Figure 2-2 shows the anatomy of a man-in-the-middle intercepting and relaying communications.
FIGURE 2-2: A man-in-the-middle interception.
Taking What Isn’t Theirs: Data Theft
Many cyberattacks involve stealing the victim’s data. An attacker may want to steal data belonging to individuals, businesses, or a government agency for one or more of many possible reasons.
People, businesses, nonprofits, and governments are all vulnerable to data theft.
Personal data theft
Criminals often try to steal people’s data in the hope of finding items that they can monetize, including:
Data that can be used for identity theft or sold to identity thieves
Compromising photos or health-related data that may be sellable or used as part of blackmail schemes
Information that is stolen and then erased from the user’s machine that can be ransomed to the user
Password lists that can be used for breaching other systems
Confidential information about work-related matters that may be used to make illegal stock trades based on insider information
Information about upcoming travel plans that may be used to plan robberies of the victim’s home
Business data theft
Criminals can use data stolen from businesses for a number of nefarious purposes:
Making stock trades: Similar to the criminals mentioned earlier in this chapter who tamper with data in order to manipulate financial markets, criminals may also seek to steal data in order to have advance knowledge of how a particular business’s current and yet unreported quarter is going. They then use that insider information to illegally trade stocks or options, thereby potentially making a significant profit.
Selling data to unscrupulous competitors: Criminals who steal sales pipeline information, documents containing details of future products, or other sensitive information can sell that data to unscrupulous competitors or to unscrupulous employees working at competitors whose management may never find out how such employees suddenly improved their performance.
Leaking data to the media: Sensitive data can embarrass the victim and cause its stock to decline (perhaps after selling short some shares).
Leaking data covered by privacy regulations: The victim may be potentially fined.

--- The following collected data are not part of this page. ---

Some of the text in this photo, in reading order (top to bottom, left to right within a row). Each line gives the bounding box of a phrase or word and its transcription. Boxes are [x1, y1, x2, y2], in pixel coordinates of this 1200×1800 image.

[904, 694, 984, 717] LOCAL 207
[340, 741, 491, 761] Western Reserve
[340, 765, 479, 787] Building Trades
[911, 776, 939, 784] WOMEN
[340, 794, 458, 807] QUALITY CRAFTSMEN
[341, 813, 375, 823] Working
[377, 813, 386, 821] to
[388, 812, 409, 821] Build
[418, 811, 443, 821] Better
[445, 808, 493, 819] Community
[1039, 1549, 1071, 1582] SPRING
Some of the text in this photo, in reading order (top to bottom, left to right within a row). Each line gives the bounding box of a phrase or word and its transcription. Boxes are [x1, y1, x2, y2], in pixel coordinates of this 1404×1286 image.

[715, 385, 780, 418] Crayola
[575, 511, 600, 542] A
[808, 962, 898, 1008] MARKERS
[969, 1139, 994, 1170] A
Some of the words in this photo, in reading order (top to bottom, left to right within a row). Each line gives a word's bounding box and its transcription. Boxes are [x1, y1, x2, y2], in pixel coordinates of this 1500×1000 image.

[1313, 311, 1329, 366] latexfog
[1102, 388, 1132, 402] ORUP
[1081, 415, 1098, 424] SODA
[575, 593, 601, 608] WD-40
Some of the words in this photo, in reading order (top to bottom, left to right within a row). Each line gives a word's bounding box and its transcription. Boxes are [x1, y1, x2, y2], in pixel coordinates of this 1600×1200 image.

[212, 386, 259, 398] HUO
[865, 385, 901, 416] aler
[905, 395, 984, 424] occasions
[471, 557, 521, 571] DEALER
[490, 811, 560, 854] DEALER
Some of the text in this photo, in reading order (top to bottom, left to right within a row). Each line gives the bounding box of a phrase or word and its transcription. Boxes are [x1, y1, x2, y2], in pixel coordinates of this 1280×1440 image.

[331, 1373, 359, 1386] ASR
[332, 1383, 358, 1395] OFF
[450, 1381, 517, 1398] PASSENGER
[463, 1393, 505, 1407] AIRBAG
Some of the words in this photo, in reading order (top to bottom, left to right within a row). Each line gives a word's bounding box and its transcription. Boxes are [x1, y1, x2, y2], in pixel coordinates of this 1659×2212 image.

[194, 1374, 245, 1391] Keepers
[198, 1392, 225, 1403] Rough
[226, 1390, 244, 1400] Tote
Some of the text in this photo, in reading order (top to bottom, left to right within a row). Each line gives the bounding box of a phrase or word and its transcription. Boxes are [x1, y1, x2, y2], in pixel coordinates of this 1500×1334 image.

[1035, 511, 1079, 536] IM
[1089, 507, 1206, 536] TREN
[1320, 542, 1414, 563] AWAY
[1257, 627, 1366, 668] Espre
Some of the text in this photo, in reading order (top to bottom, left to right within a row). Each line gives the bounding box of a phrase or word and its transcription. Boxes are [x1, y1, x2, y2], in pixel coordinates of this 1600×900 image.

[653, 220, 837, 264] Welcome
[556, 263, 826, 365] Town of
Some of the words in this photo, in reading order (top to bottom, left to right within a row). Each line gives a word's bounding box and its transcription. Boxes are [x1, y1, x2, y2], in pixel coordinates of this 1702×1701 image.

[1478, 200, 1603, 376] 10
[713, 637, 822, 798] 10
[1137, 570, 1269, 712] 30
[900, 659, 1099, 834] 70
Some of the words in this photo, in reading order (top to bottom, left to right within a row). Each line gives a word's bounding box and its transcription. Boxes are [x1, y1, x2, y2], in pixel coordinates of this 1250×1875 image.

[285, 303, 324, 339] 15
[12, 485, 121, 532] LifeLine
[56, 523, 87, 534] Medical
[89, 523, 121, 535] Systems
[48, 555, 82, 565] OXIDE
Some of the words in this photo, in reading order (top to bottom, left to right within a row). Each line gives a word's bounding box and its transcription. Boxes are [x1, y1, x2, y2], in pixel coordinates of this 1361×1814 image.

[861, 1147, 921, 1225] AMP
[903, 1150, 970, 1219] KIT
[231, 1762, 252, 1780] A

Recruiting employees: By recruiting employees or selling the information to other firms looking to hire employees with similar skills or with knowledge of competitions’ systems, criminals who steal emails and discover communication between employees that indicates that one or more employees are unhappy in their current positions can sell that information to parties looking to hire.
Stealing and using intellectual property: Parties that steal the source code for computer software may be able to avoid paying licensing fees to the software’s rightful owner. Parties that steal design documents created by others after extensive research and development can easily save millions of dollars — and, sometimes, even billions of dollars — in research and development costs. For more on the effects of this type of theft, see the nearby sidebar “How a cyberbreach cost one company $1 billion without 1 cent being stolen.”
Data exfiltration
Data exfiltration is a somewhat complicated term for a simple concept, and refers to situations in which a party, through the use of malware or other automated means, or by manually issuing commands to a remote computer, causes data to be transferred without authorization from some information system or repository to somewhere else.
Anytime you hear of a data breach in which sensitive data has been copied by criminals, that is an example of data exfiltration. Depending on what data leaks and from whom, data exfiltration can easily harm the confidence of a business’s customers, reduce trust in a government entity, undermine the confidentiality of proprietary information, and/or undermine national security.
Compromised credentials
Compromised credentials refers to account authentication information that someone else other than you is privy to, such as your username and/or password. Abusing compromised credentials almost always refers to situations in which a criminal uses a login and password combination that was obtained from one cybersecurity breach in order to gain unauthorized access to a system and carry out another cybersecurity breach. Such attacks with compromised credentials are common, as criminals know that people commonly reuse login username/password combinations.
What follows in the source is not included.